The inferior man’s reasons for hating knowledge are not hard to discern. He hates it because it is complex — because it puts an unbearable burden upon his meager capacity for taking in ideas. Thus his search is always for short cuts. All superstitions are such short cuts. Their aim is to make the unintelligible simple, and even obvious. So on what seem to be higher levels. No man who has not had a long and arduous education can understand even the most elementary concepts of modern pathology. But even a hind at the plow can grasp the theory of chiropractic in two lessons. Hence the vast popularity of chiropractic among the submerged — and of osteopathy, Christian Science and other such quackeries with it. They are idiotic, but they are simple — and every man prefers what he can understand to what puzzles and dismays him.

The popularity of Fundamentalism among the inferior orders of men is explicable in exactly the same way. The cosmogonies that educated men toy with are all inordinately complex. To comprehend their veriest outlines requires an immense stock of knowledge, and a habit of thought. It would be as vain to try to teach to peasants or to the city proletariat as it would be to try to teach them to streptococci. But the cosmogony of Genesis is so simple that even a yokel can grasp it. It is set forth in a few phrases. It offers, to an ignorant man, the irresistible reasonableness of the nonsensical.

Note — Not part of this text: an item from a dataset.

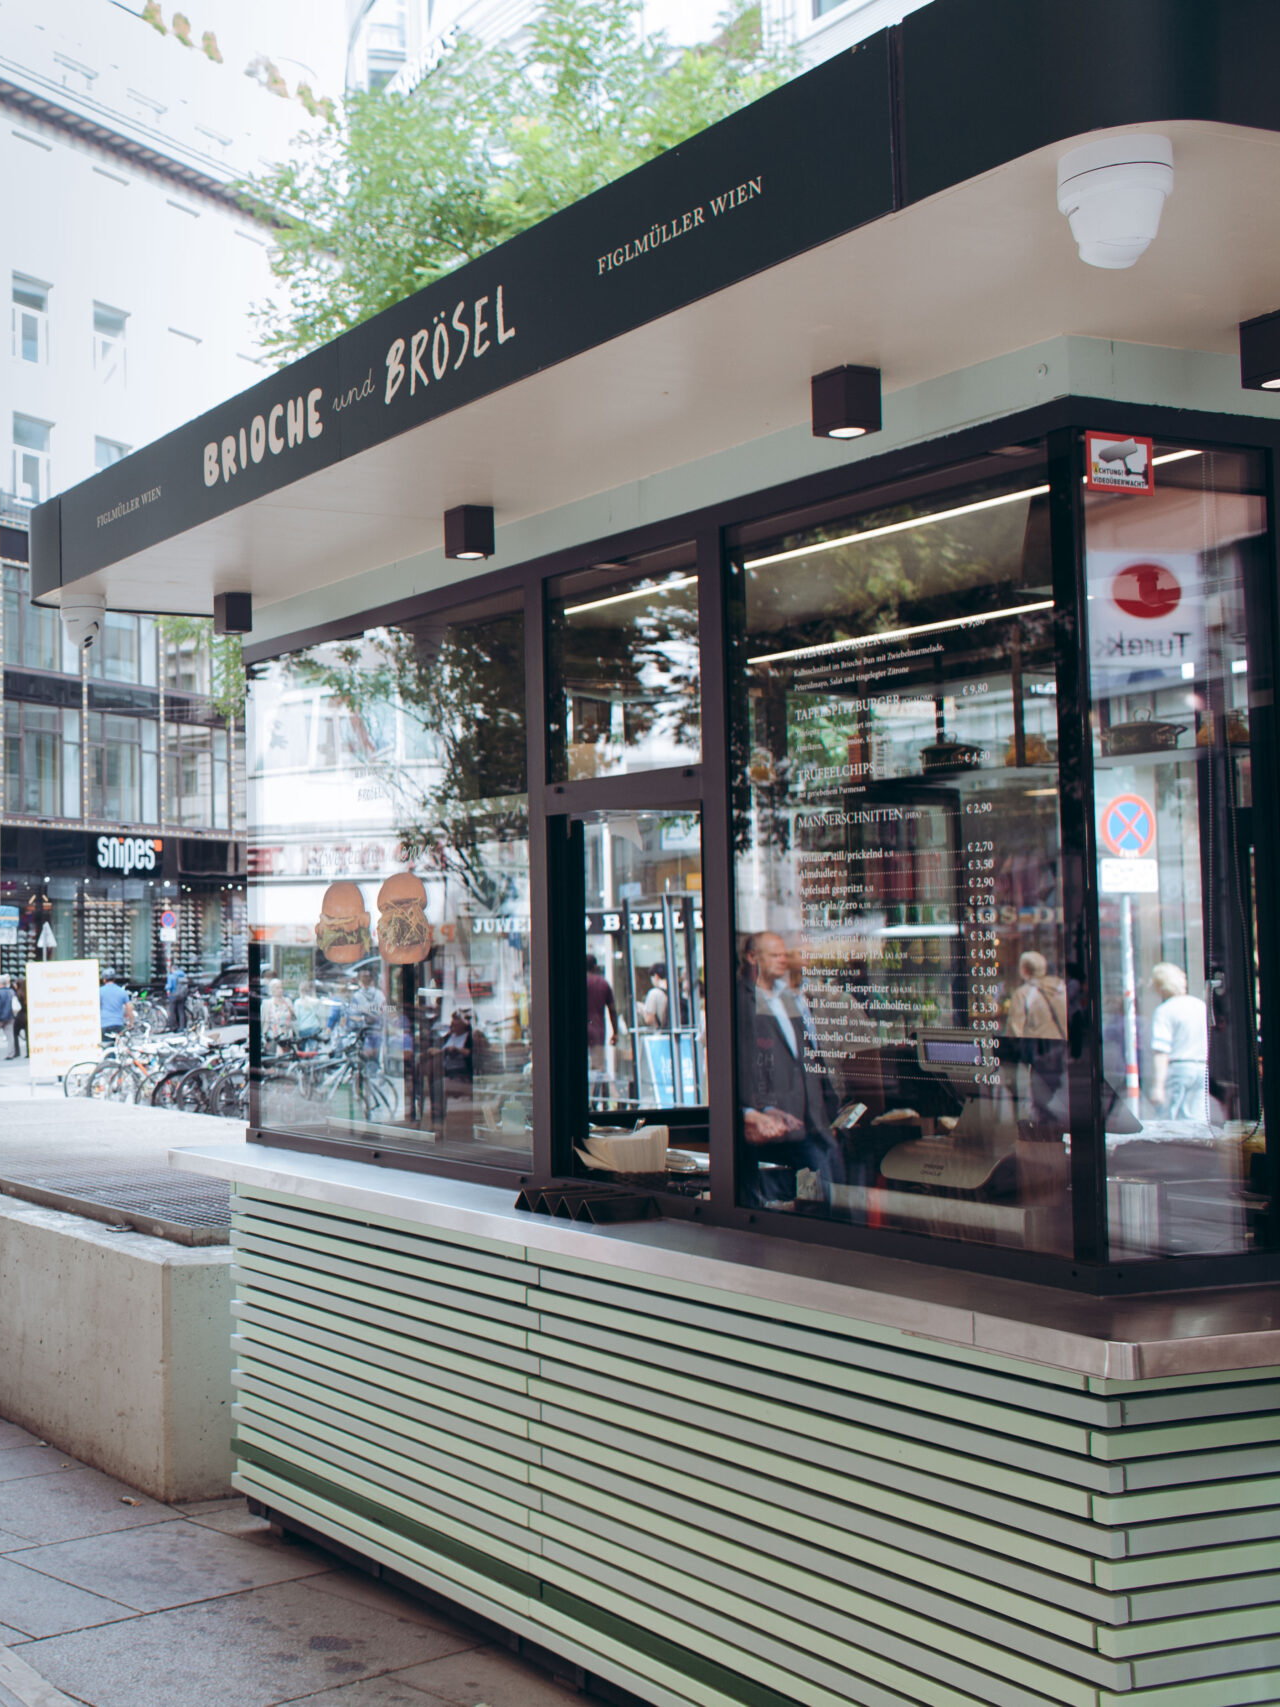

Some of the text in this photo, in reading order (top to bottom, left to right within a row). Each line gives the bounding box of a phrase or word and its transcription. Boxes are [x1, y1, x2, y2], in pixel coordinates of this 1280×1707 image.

So he accepts it with loud hosannas, and has one more excuse for hating his betters.

@nojo: The sneaking suspicion that someone, somewhere, may be having fun? Or getting a hired handjob?

@Prommie: Sneaking Suspicion.

It’s usually attributed to Mencken, since it was originally unsigned, and nobody knows who the hell Nathan is. (Except Benedick, I’ll presume.) But Nathan was a relentless aphorist — and that particular line hit.

Why aren’t the teabaggers on this guys front lawn demanding he repay it all and erecting a fucking crucifix to nail him to?

That sign looks pretty old and beat up. Why are we hearing about it now?

@nojo: Sorry but must opt out of admiration for Menken and no critic is ever right about anything (excepting George Bernard Shaw). Ditto the whole two first names deal: Is it George or is it Jean? GBS exempt from this too. The round table ‘wits’ only make me sorry I wasn’t there to piss in their martinis. If you have to work that hard to have a salon you’re just a bunch of drunks. Dorothy Parker can kiss my ass. Carry on.

@Benedick: Backstory: Somebody burned the sign, which prompted an article in the local Sunday rag.

Upon publication, said Rag received complaints that Farmer Jungerman was a fucking hypocrite, which prompted a follow-up article — and that’s where Think Progress picked up the story.